[PROVIDED INFORMATION Boundary: Start]
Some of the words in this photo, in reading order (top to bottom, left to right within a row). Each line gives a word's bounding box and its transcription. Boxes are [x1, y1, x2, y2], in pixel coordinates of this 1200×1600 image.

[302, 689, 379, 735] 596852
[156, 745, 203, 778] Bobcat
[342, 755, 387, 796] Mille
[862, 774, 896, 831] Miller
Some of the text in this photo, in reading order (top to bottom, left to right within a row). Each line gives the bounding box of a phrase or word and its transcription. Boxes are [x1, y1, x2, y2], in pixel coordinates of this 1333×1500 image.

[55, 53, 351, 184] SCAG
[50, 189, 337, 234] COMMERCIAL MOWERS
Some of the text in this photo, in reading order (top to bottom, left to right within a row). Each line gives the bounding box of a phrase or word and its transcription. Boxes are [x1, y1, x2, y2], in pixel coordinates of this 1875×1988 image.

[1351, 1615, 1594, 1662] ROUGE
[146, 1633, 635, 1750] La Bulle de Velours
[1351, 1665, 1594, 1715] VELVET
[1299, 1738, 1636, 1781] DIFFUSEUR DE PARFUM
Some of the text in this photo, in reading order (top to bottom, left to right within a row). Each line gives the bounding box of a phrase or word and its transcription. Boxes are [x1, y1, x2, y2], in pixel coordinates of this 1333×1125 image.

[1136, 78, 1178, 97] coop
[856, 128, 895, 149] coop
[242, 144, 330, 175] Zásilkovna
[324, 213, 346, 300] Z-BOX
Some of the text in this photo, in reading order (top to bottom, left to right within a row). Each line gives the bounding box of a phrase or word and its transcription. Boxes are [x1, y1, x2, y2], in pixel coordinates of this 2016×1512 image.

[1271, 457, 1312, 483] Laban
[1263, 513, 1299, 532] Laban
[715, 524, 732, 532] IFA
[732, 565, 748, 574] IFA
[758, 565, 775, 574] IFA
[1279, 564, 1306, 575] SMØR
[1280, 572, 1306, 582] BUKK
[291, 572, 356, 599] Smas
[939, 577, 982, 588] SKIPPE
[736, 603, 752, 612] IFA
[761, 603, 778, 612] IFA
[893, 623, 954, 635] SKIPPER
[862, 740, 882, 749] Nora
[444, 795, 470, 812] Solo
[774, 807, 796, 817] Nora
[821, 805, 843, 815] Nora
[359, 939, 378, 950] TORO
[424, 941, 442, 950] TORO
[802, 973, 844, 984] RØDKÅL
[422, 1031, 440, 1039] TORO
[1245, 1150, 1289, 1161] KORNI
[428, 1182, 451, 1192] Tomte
[PROVIDED INFORMATION Boundary: End]
- [TASK STATEMENT]: Character for character, output the whole material above.

- [OUTPUT OF THE TASK]:
Some of the words in this photo, in reading order (top to bottom, left to right within a row). Each line gives a word's bounding box and its transcription. Boxes are [x1, y1, x2, y2], in pixel coordinates of this 1200×1600 image.

[302, 689, 379, 735] 596852
[156, 745, 203, 778] Bobcat
[342, 755, 387, 796] Mille
[862, 774, 896, 831] Miller
Some of the text in this photo, in reading order (top to bottom, left to right within a row). Each line gives the bounding box of a phrase or word and its transcription. Boxes are [x1, y1, x2, y2], in pixel coordinates of this 1333×1500 image.

[55, 53, 351, 184] SCAG
[50, 189, 337, 234] COMMERCIAL MOWERS
Some of the text in this photo, in reading order (top to bottom, left to right within a row). Each line gives the bounding box of a phrase or word and its transcription. Boxes are [x1, y1, x2, y2], in pixel coordinates of this 1875×1988 image.

[1351, 1615, 1594, 1662] ROUGE
[146, 1633, 635, 1750] La Bulle de Velours
[1351, 1665, 1594, 1715] VELVET
[1299, 1738, 1636, 1781] DIFFUSEUR DE PARFUM
Some of the text in this photo, in reading order (top to bottom, left to right within a row). Each line gives the bounding box of a phrase or word and its transcription. Boxes are [x1, y1, x2, y2], in pixel coordinates of this 1333×1125 image.

[1136, 78, 1178, 97] coop
[856, 128, 895, 149] coop
[242, 144, 330, 175] Zásilkovna
[324, 213, 346, 300] Z-BOX
Some of the text in this photo, in reading order (top to bottom, left to right within a row). Each line gives the bounding box of a phrase or word and its transcription. Boxes are [x1, y1, x2, y2], in pixel coordinates of this 2016×1512 image.

[1271, 457, 1312, 483] Laban
[1263, 513, 1299, 532] Laban
[715, 524, 732, 532] IFA
[732, 565, 748, 574] IFA
[758, 565, 775, 574] IFA
[1279, 564, 1306, 575] SMØR
[1280, 572, 1306, 582] BUKK
[291, 572, 356, 599] Smas
[939, 577, 982, 588] SKIPPE
[736, 603, 752, 612] IFA
[761, 603, 778, 612] IFA
[893, 623, 954, 635] SKIPPER
[862, 740, 882, 749] Nora
[444, 795, 470, 812] Solo
[774, 807, 796, 817] Nora
[821, 805, 843, 815] Nora
[359, 939, 378, 950] TORO
[424, 941, 442, 950] TORO
[802, 973, 844, 984] RØDKÅL
[422, 1031, 440, 1039] TORO
[1245, 1150, 1289, 1161] KORNI
[428, 1182, 451, 1192] Tomte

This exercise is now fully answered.